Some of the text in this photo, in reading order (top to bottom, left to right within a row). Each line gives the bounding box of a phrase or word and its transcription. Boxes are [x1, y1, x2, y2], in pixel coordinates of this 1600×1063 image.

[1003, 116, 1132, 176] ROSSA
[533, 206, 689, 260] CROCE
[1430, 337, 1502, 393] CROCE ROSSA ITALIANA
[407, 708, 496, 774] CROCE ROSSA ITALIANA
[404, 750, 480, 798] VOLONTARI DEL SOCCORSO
────────
> DIRECTIONS:
When you output the entries, keep every word exactly as it stands.

> ANSWER TO THE EXERCISE:
Some of the text in this photo, in reading order (top to bottom, left to right within a row). Each line gives the bounding box of a phrase or word and its transcription. Boxes are [x1, y1, x2, y2], in pixel coordinates of this 1600×1063 image.

[1003, 116, 1132, 176] ROSSA
[533, 206, 689, 260] CROCE
[1430, 337, 1502, 393] CROCE ROSSA ITALIANA
[407, 708, 496, 774] CROCE ROSSA ITALIANA
[404, 750, 480, 798] VOLONTARI DEL SOCCORSO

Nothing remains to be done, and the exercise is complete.